Material supplied »
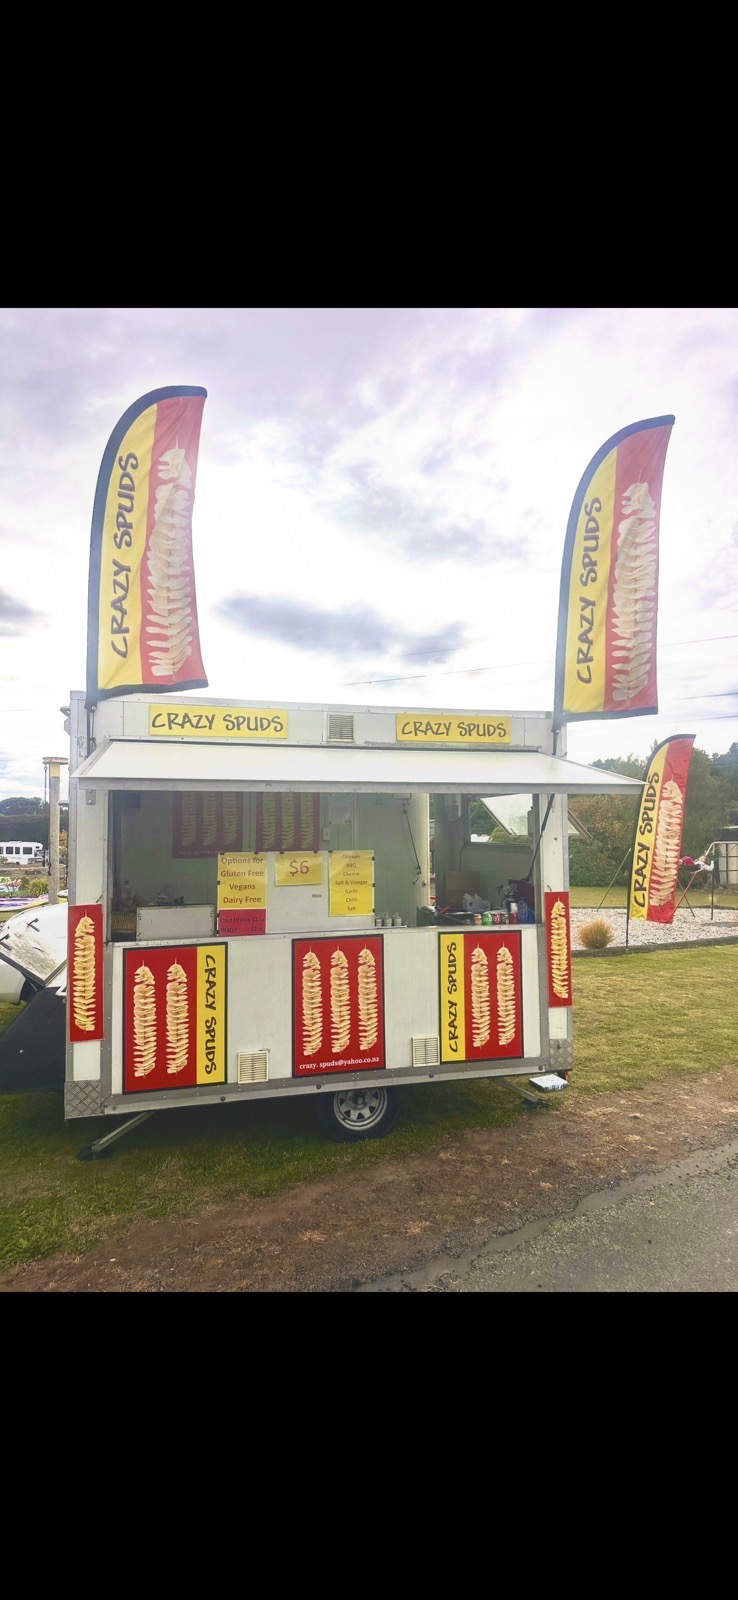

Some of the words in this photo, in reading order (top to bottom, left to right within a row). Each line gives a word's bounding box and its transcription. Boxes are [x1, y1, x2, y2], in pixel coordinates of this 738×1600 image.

[113, 451, 139, 551] SPUDS
[579, 496, 602, 590] SPUDS
[111, 558, 132, 659] CRAZY
[576, 595, 597, 685] CRAZY
[151, 712, 216, 730] CRAZY
[222, 713, 284, 733] SPUDS
[401, 721, 452, 737] CRAZY
[457, 721, 507, 738] SPUDS
[638, 771, 660, 837] SPUDS
[220, 870, 246, 878] Gluten
[248, 869, 265, 877] Free
[221, 856, 251, 865] Options
[252, 856, 264, 864] for
[229, 883, 256, 891] Vegans
[289, 858, 309, 877] $6
[633, 841, 651, 908] CRAZY
[223, 896, 244, 904] Dairy
[204, 954, 217, 1011] CRAZY
[446, 941, 458, 995] SPUDS
[204, 1016, 217, 1075] SPUDS
[447, 1000, 459, 1053] CRAZY
[319, 1056, 380, 1069] spuds@yahoo.co.nz

Task directions » Could you repeat all of the entries exactly, without the pictures?

Task result »
Some of the words in this photo, in reading order (top to bottom, left to right within a row). Each line gives a word's bounding box and its transcription. Boxes are [x1, y1, x2, y2], in pixel coordinates of this 738×1600 image.

[113, 451, 139, 551] SPUDS
[579, 496, 602, 590] SPUDS
[111, 558, 132, 659] CRAZY
[576, 595, 597, 685] CRAZY
[151, 712, 216, 730] CRAZY
[222, 713, 284, 733] SPUDS
[401, 721, 452, 737] CRAZY
[457, 721, 507, 738] SPUDS
[638, 771, 660, 837] SPUDS
[220, 870, 246, 878] Gluten
[248, 869, 265, 877] Free
[221, 856, 251, 865] Options
[252, 856, 264, 864] for
[229, 883, 256, 891] Vegans
[289, 858, 309, 877] $6
[633, 841, 651, 908] CRAZY
[223, 896, 244, 904] Dairy
[204, 954, 217, 1011] CRAZY
[446, 941, 458, 995] SPUDS
[204, 1016, 217, 1075] SPUDS
[447, 1000, 459, 1053] CRAZY
[319, 1056, 380, 1069] spuds@yahoo.co.nz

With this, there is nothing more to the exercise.